The book is branded as a confessional, a choice Isaac made after deciding it would be ill-defined as a memoir or essay collection. Though the book’s raw and honest tone has struck a chord with readers, it wasn’t his initial intention to write something so revealing.
“The project originally started as essays,” he said. “I didn’t expect to write so much about my childhood. I thought every essay would be a view on something in pop culture with a little bit of me in there but mainly focused on the pop culture element. But as I started writing some of the essays, I was like, ‘There are ten paragraphs about my dad here. I wonder what that’s about.’ Eventually, I called my publisher and told her the book might be more about my childhood, and she said, ‘Yeah, I’ve been waiting eighteen months for you to figure that out.’”
Over twelve chapters, Isaac chronicles his life across two countries and four states—five if you include D.C. Now living in New York, where he’s spent more than a decade, he’s had time to reflect on what it means to be at home, a once nebulous concept. When I asked how he’d define it now, he grinned and presented the knuckles that served him so well in his teenage fight clubs. Written across them is the phrase “Come Home.” The tattoo is just one from the score he’s accumulated over the years.
“For a long time, I wanted to be one of those people who says, ‘Wherever I lay my head is home,’” he said. “But my idea of home has really changed, especially in the last year. Now, it’s about community. It’s far more about honesty and relationships than a place.”

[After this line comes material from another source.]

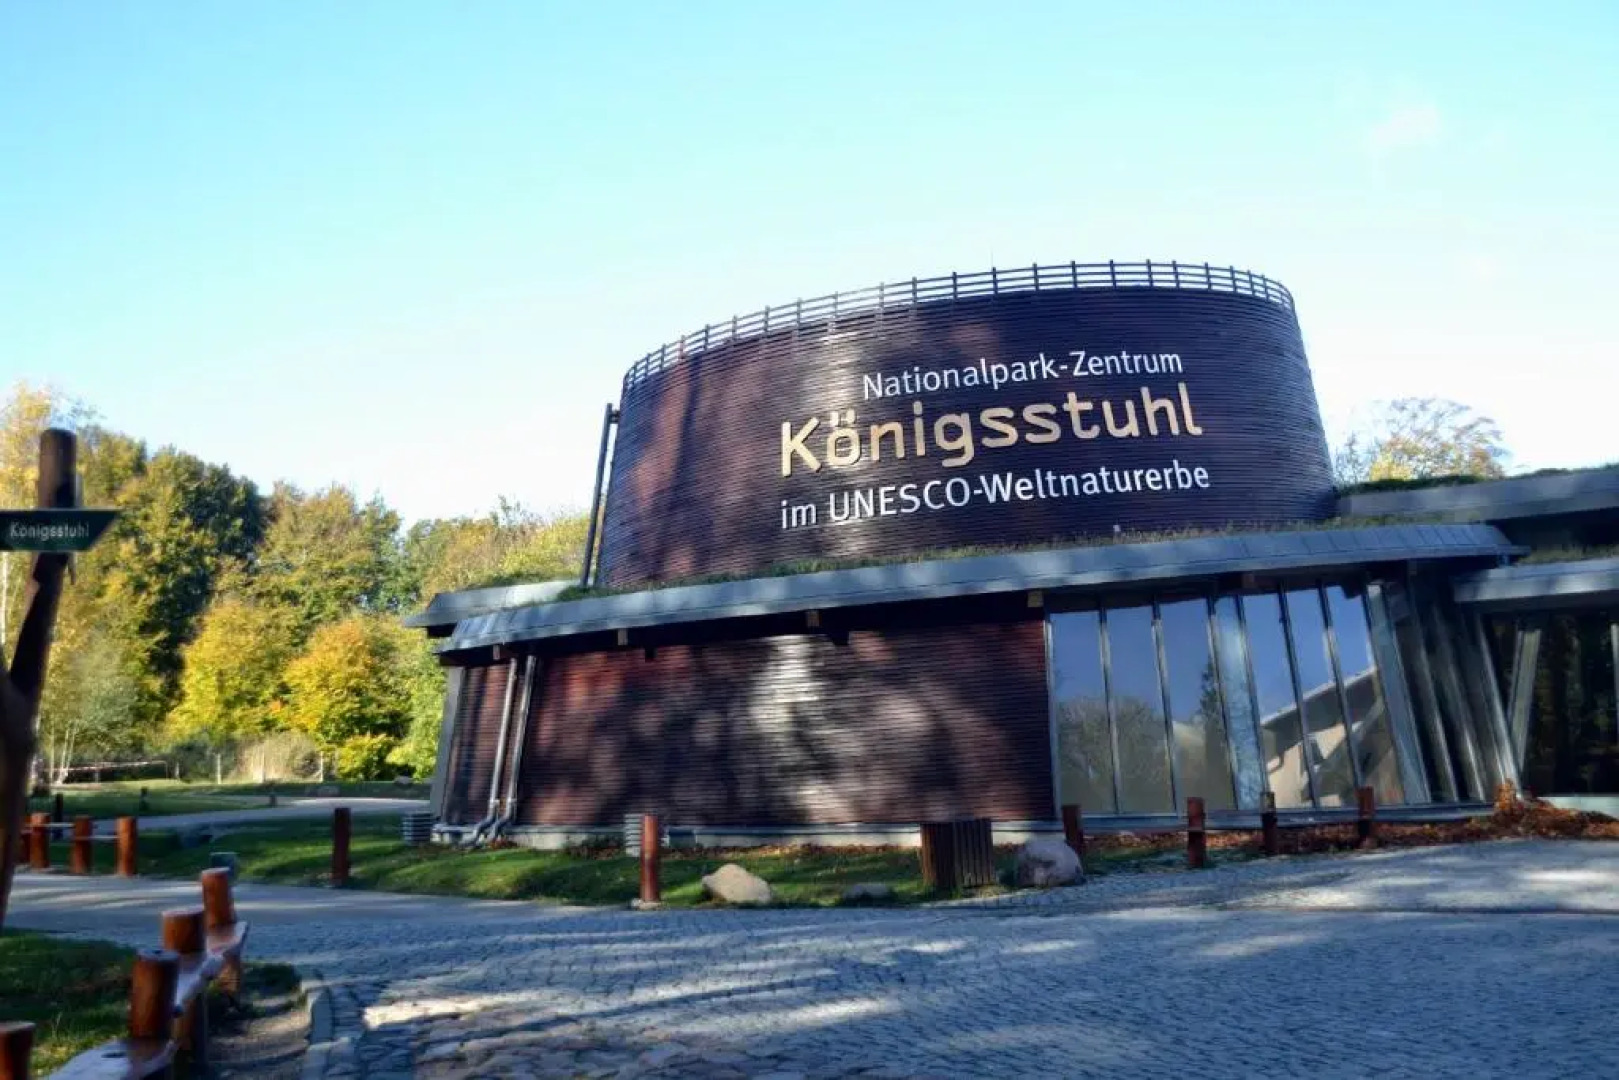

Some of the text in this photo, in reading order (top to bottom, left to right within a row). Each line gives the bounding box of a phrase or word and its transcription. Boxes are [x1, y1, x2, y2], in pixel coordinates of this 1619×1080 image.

Living in New York has also granted Isaac more consistency as he lives as a full-time writer. Through his twenties, Isaac spent time as a campaign staffer, an international smuggler, and a begrudging Buca di Beppo employee before finding his way to writing. While the suspense and squalor of Isaac’s youth offered their share of intrigue, some of the more profound moments of the book lie in his reflection upon the mundane, quotidian things you do in a day just to prove you exist.
The book’s penultimate essay—one of the shorter entries in the collection—is ostensibly a story about haircuts, but it quickly turns into a parable on self-discovery and the relationships involved. It’s a fitting representation of Dirtbag’s whole ethos. The book covers a lot of ground, but it isn’t necessarily about all those things. The deeper meanings can be far more layered. The book’s true subjects, Isaac says, come down to two things.
“This is a story of hope and forgiveness. My whole life, I told myself that I’d forgiven my parents. In the past, I had this mentality of, ‘Oh, don’t sweat it.’ It was my therapist that pointed out that real forgiveness comes from facing something and talking about it. I spend so much time trying to arrive at a place of real forgiveness, and I don’t think I do by the end of the book. There’s still the hope that I continue to have these conversations and face this stuff. I let my mom read it before it was published, and we’ve been talking about it for almost a year now. What’s wonderful is I can say, now that I’m a year into the future, that what I hoped would happen did happen.”
Isaac is signed on for his next project, titled American Dionysus, with a tentative release date of sometime in 2025. In it, he will retrace the steps of John Chapman—Johnny Appleseed—as he planted orchards in the northeast. Inspired by the work of Bill Bryson and Cheryl Strayed, the book is a marriage of Isaac’s love of walking and New England heritage. He hopes to begin writing in “the thaw,” his term for that ambiguous point in the spring when you start seeing peoples’ calves again. The process may draw him away from home, but I’m sure he won’t feel it as long as the trail has barstools and conversation.